Collected data entries:
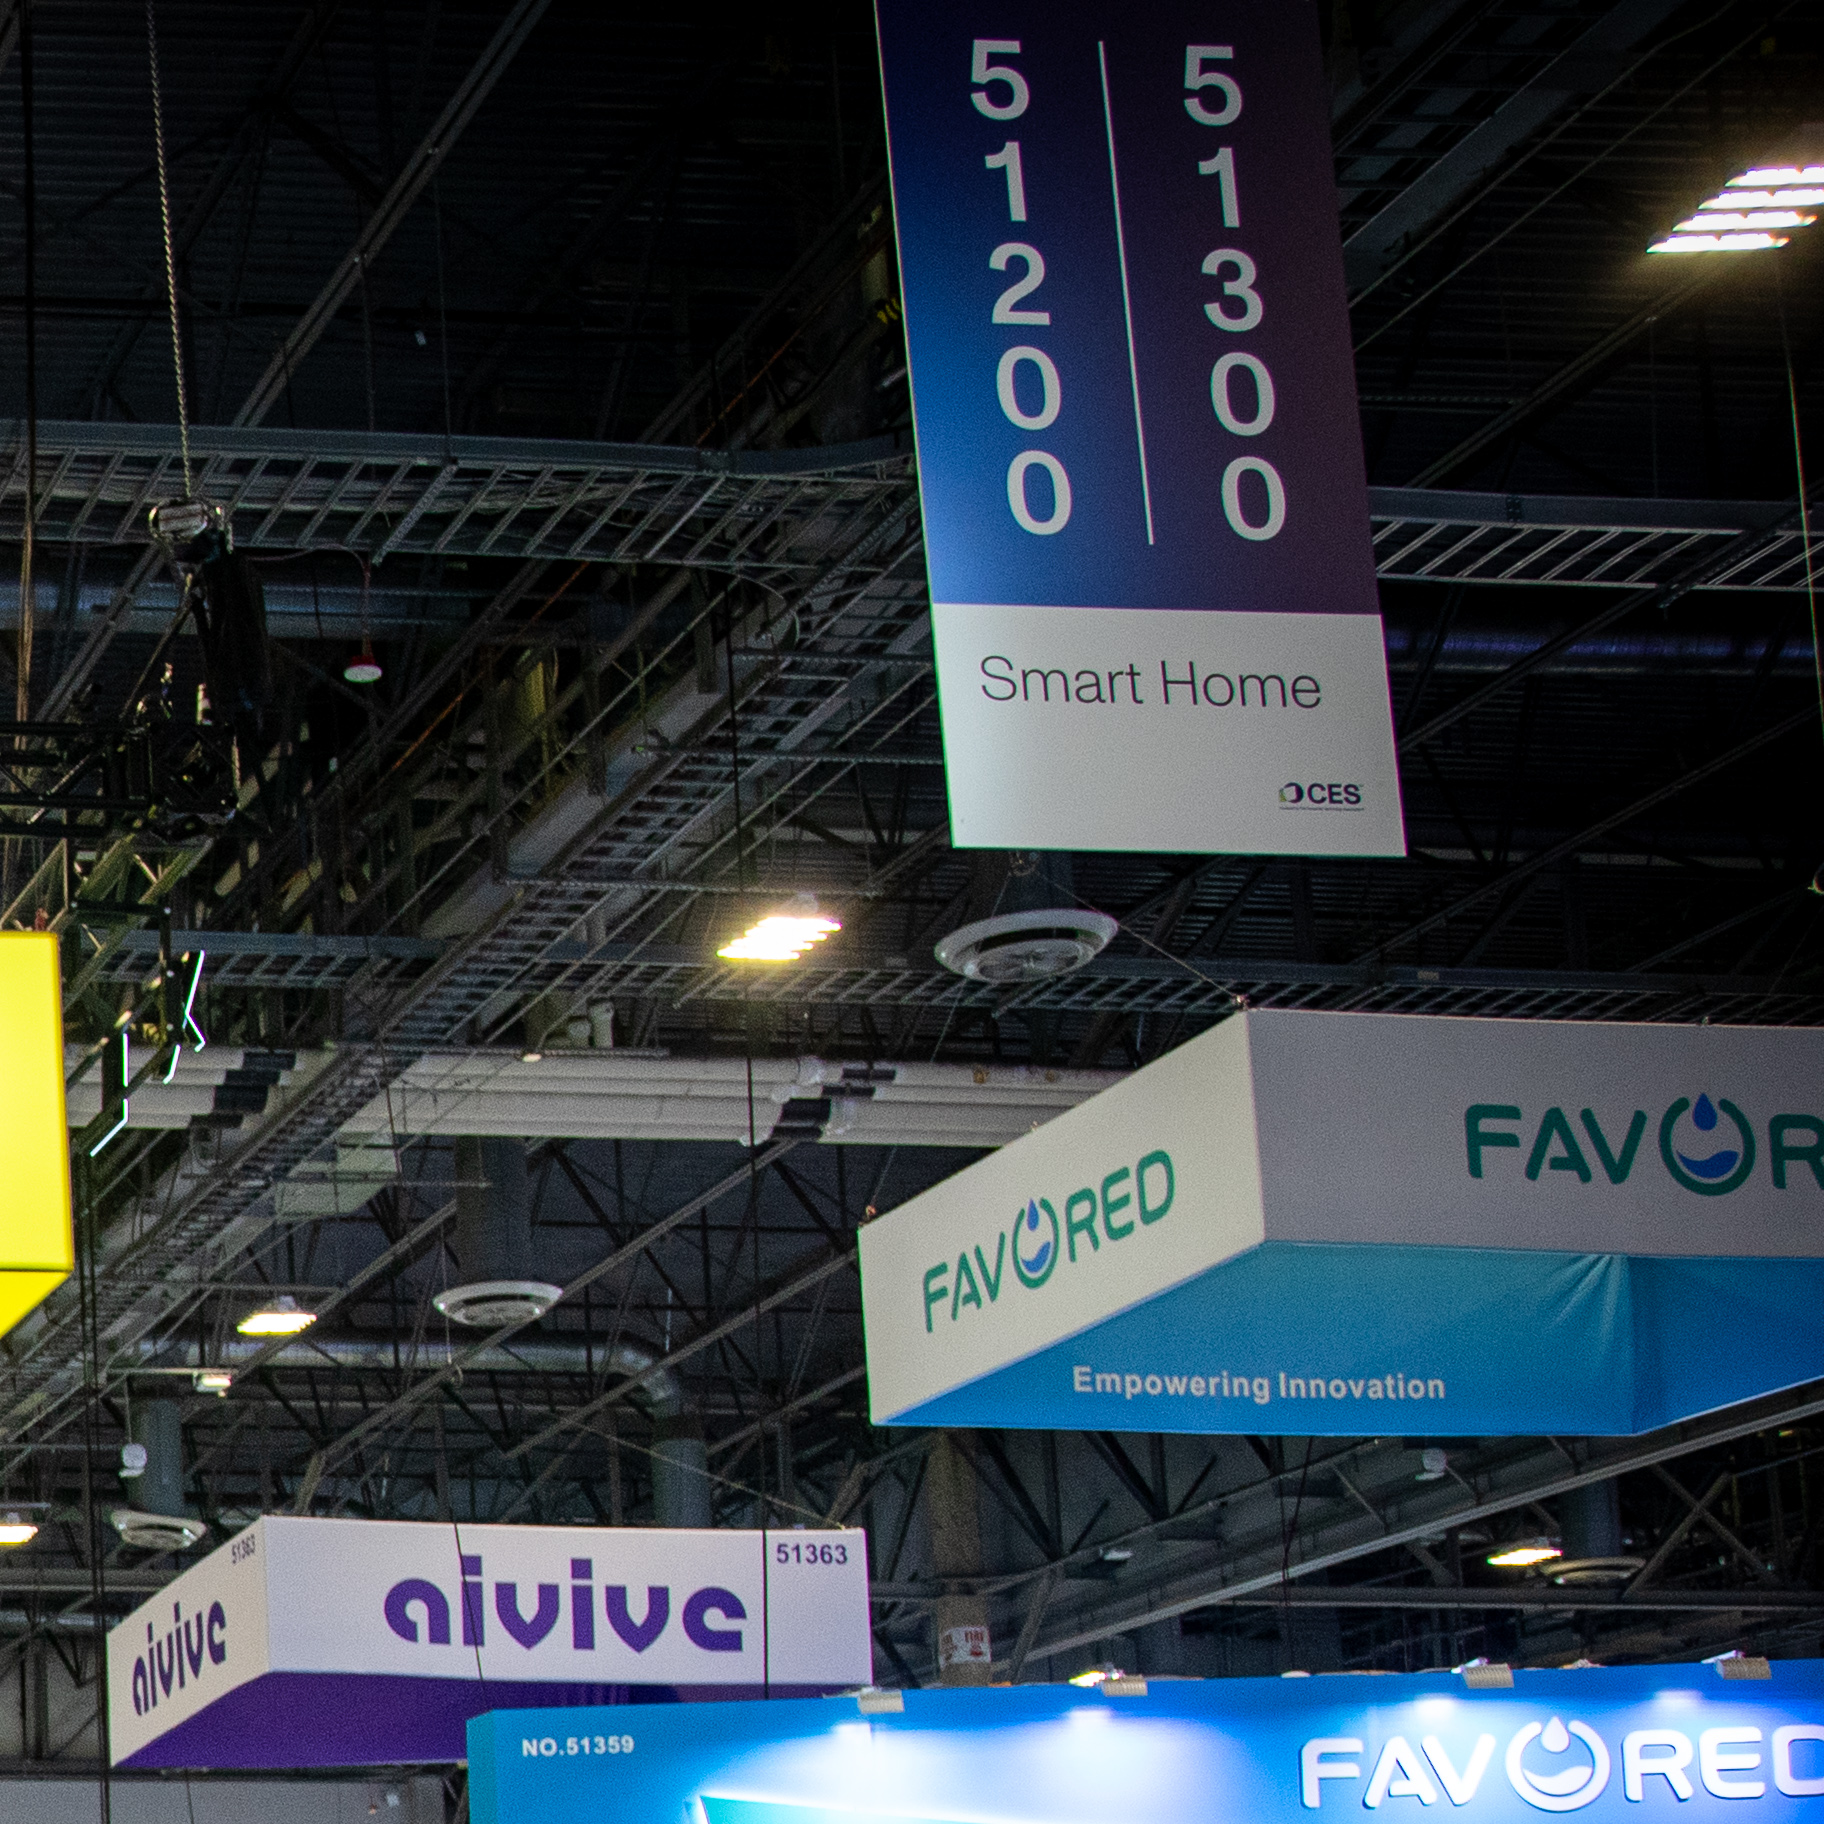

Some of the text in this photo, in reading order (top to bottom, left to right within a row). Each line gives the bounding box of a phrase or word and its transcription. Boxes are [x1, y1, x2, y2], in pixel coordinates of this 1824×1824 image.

[969, 38, 1072, 537] 51200
[1183, 44, 1286, 542] 51300
[980, 654, 1322, 710] Smart Home
[1306, 782, 1363, 806] CES
[922, 1149, 1176, 1333] FAVORED
[1072, 1364, 1446, 1405] Empowering Innovation
[775, 1542, 849, 1567] 51363
[383, 1554, 748, 1654] aivive

ABOUT THIS EXERCISE:
Write the entries above out in full, exactly, with no images.

SOLUTION TO THIS EXERCISE:
Some of the text in this photo, in reading order (top to bottom, left to right within a row). Each line gives the bounding box of a phrase or word and its transcription. Boxes are [x1, y1, x2, y2], in pixel coordinates of this 1824×1824 image.

[969, 38, 1072, 537] 51200
[1183, 44, 1286, 542] 51300
[980, 654, 1322, 710] Smart Home
[1306, 782, 1363, 806] CES
[922, 1149, 1176, 1333] FAVORED
[1072, 1364, 1446, 1405] Empowering Innovation
[775, 1542, 849, 1567] 51363
[383, 1554, 748, 1654] aivive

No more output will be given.